Directions for this task ::
Set down the entries once more, exactly as given.

----------

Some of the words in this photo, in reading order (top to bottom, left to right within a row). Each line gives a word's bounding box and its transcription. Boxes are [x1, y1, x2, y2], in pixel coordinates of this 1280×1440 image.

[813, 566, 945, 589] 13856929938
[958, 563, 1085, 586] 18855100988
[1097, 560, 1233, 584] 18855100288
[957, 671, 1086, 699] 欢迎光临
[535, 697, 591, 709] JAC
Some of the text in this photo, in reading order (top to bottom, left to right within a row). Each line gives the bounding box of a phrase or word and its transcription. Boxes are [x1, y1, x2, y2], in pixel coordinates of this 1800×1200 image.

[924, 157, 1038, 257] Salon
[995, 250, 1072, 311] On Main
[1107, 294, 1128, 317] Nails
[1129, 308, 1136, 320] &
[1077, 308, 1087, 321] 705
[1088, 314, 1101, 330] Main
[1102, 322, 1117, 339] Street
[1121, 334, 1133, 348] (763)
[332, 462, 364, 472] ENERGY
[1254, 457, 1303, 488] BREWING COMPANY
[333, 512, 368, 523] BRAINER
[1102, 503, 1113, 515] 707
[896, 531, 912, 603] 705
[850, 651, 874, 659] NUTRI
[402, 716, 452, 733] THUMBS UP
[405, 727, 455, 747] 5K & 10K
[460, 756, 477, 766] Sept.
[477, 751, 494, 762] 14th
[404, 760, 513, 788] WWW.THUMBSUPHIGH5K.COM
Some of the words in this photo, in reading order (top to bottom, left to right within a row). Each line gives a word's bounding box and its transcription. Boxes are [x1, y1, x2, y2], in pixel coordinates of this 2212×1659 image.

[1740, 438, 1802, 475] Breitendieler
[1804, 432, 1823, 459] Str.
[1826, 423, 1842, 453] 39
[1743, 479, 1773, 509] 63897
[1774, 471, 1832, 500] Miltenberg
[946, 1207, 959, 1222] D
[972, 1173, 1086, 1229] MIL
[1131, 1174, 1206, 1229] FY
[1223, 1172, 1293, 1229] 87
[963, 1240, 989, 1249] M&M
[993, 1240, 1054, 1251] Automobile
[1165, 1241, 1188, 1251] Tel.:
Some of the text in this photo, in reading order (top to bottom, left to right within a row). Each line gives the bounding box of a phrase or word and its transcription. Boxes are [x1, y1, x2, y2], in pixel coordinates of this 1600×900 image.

----------

Exercise answer ::
Some of the words in this photo, in reading order (top to bottom, left to right within a row). Each line gives a word's bounding box and its transcription. Boxes are [x1, y1, x2, y2], in pixel coordinates of this 1280×1440 image.

[813, 566, 945, 589] 13856929938
[958, 563, 1085, 586] 18855100988
[1097, 560, 1233, 584] 18855100288
[957, 671, 1086, 699] 欢迎光临
[535, 697, 591, 709] JAC
Some of the text in this photo, in reading order (top to bottom, left to right within a row). Each line gives the bounding box of a phrase or word and its transcription. Boxes are [x1, y1, x2, y2], in pixel coordinates of this 1800×1200 image.

[924, 157, 1038, 257] Salon
[995, 250, 1072, 311] On Main
[1107, 294, 1128, 317] Nails
[1129, 308, 1136, 320] &
[1077, 308, 1087, 321] 705
[1088, 314, 1101, 330] Main
[1102, 322, 1117, 339] Street
[1121, 334, 1133, 348] (763)
[332, 462, 364, 472] ENERGY
[1254, 457, 1303, 488] BREWING COMPANY
[333, 512, 368, 523] BRAINER
[1102, 503, 1113, 515] 707
[896, 531, 912, 603] 705
[850, 651, 874, 659] NUTRI
[402, 716, 452, 733] THUMBS UP
[405, 727, 455, 747] 5K & 10K
[460, 756, 477, 766] Sept.
[477, 751, 494, 762] 14th
[404, 760, 513, 788] WWW.THUMBSUPHIGH5K.COM
Some of the words in this photo, in reading order (top to bottom, left to right within a row). Each line gives a word's bounding box and its transcription. Boxes are [x1, y1, x2, y2], in pixel coordinates of this 2212×1659 image.

[1740, 438, 1802, 475] Breitendieler
[1804, 432, 1823, 459] Str.
[1826, 423, 1842, 453] 39
[1743, 479, 1773, 509] 63897
[1774, 471, 1832, 500] Miltenberg
[946, 1207, 959, 1222] D
[972, 1173, 1086, 1229] MIL
[1131, 1174, 1206, 1229] FY
[1223, 1172, 1293, 1229] 87
[963, 1240, 989, 1249] M&M
[993, 1240, 1054, 1251] Automobile
[1165, 1241, 1188, 1251] Tel.:
Some of the text in this photo, in reading order (top to bottom, left to right within a row). Each line gives the bounding box of a phrase or word and its transcription. Boxes are [x1, y1, x2, y2], in pixel coordinates of this 1600×900 image.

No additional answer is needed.